Scientific classification
- Kingdom: Animalia
- Phylum: Arthropoda
- Class: Insecta
- Order: Orthoptera
- Suborder: Ensifera
- Superfamily: Stenopelmatoidea
- Family: Gryllacrididae Blanchard, 1845
- Subfamilies: Gryllacridinae; Hyperbaeninae;
- Synonyms: Gryllacridae

= Gryllacrididae =

Family of insects

Gryllacrididae are a family of non-jumping insects in the suborder Ensifera occurring worldwide, known commonly as leaf-rolling crickets or raspy crickets. The family historically has been broadly defined to include what are presently several other families, such as Stenopelmatidae ("Jerusalem crickets") and Rhaphidophoridae ("camel crickets"), now considered separate. As presently defined, the family contains two subfamilies: Gryllacridinae and Hyperbaeninae. They are commonly wingless and nocturnal. In the daytime, most species rest in shelters made from folded leaves sewn with silk. Some species use silk to burrow in sand, earth or wood. Raspy crickets evolved the ability to produce silk independently from other insects, but their silk has many convergent features to silkworm silk, being made of long, repetitive proteins with an extended beta-sheet structure.

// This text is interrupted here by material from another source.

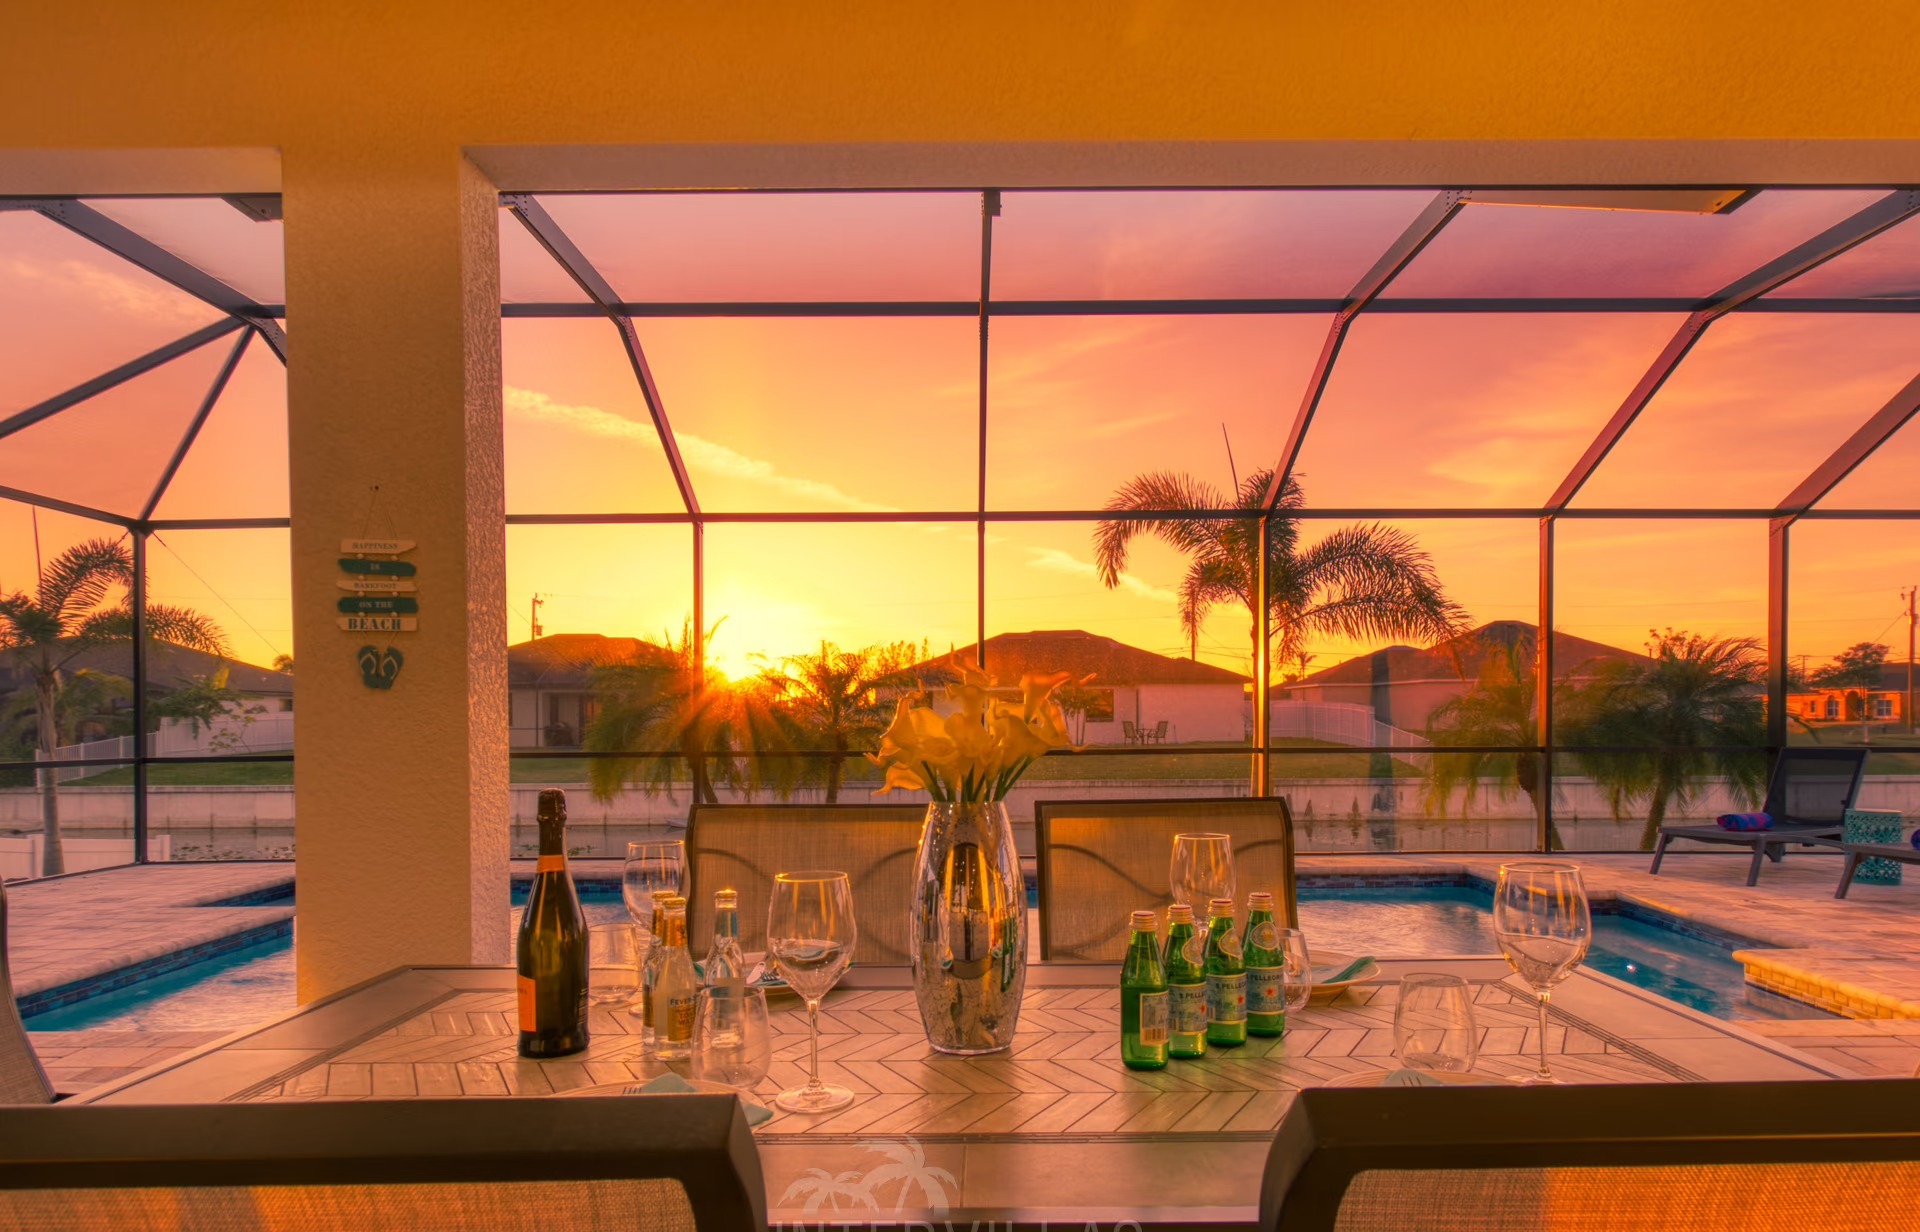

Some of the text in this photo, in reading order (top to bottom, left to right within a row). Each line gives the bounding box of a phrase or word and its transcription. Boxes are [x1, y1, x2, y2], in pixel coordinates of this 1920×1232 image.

[352, 542, 398, 550] HAPPINESS
[370, 563, 380, 571] IS
[359, 601, 393, 609] ON THE
[348, 618, 401, 630] BEACH

== Subfamilies, tribes and selected genera ==
The Orthoptera Species File lists two subfamilies:

===Gryllacridinae===
- tribe Ametrini Cadena-Castañeda, 2019
- Ametrus Brunner von Wattenwyl, 1888
- Apterolarnaca Gorochov, 2004
- tribe Ametroidini Cadena-Castañeda, 2019
- Ametroides Karny, 1928
- Glomeremus Karny, 1937
- tribe Eremini Cadena-Castañeda, 2019
- Eremus Brunner von Wattenwyl, 1888
- tribe Gryllacridini Blanchard, 1845
- Camptonotus Uhler, 1864
- Furcilarnaca Gorochov, 2004
- Gryllacris Serville, 1831 – type genus
- Larnaca (cricket) Walker, 1869

===Hyperbaeninae===
- tribe Asarcogryllacridini Cadena-Castañeda, 2019
- Asarcogryllacris Karny, 1937
- Zalarnaca Gorochov, 2005
- tribe Capnogryllacridini Cadena-Castañeda, 2019
- Capnogryllacris Karny, 1937
- Marthogryllacris Karny, 1937
- Woznessenskia Gorochov, 2002
- tribe Hyperbaenini Cadena-Castañeda, 2019
- Hyperbaenus Brunner von Wattenwyl, 1888 – type genus for subfamily
- tribe Paragryllacridini Cadena-Castañeda, 2019
- Paragryllacris Brunner von Wattenwyl, 1888
- tribe Phryganogryllacridini Cadena-Castañeda, 2019
- Phryganogryllacris Karny, 1937

===Fossil taxa (unplaced)===
- Plesiolarnaca †
- Pseudogryllacris †
- Xenogryllacris † - X. reductus Riek, 1955

Note: The genus Lezina of the subfamily Lezininae is now placed in the family Anostostomatidae.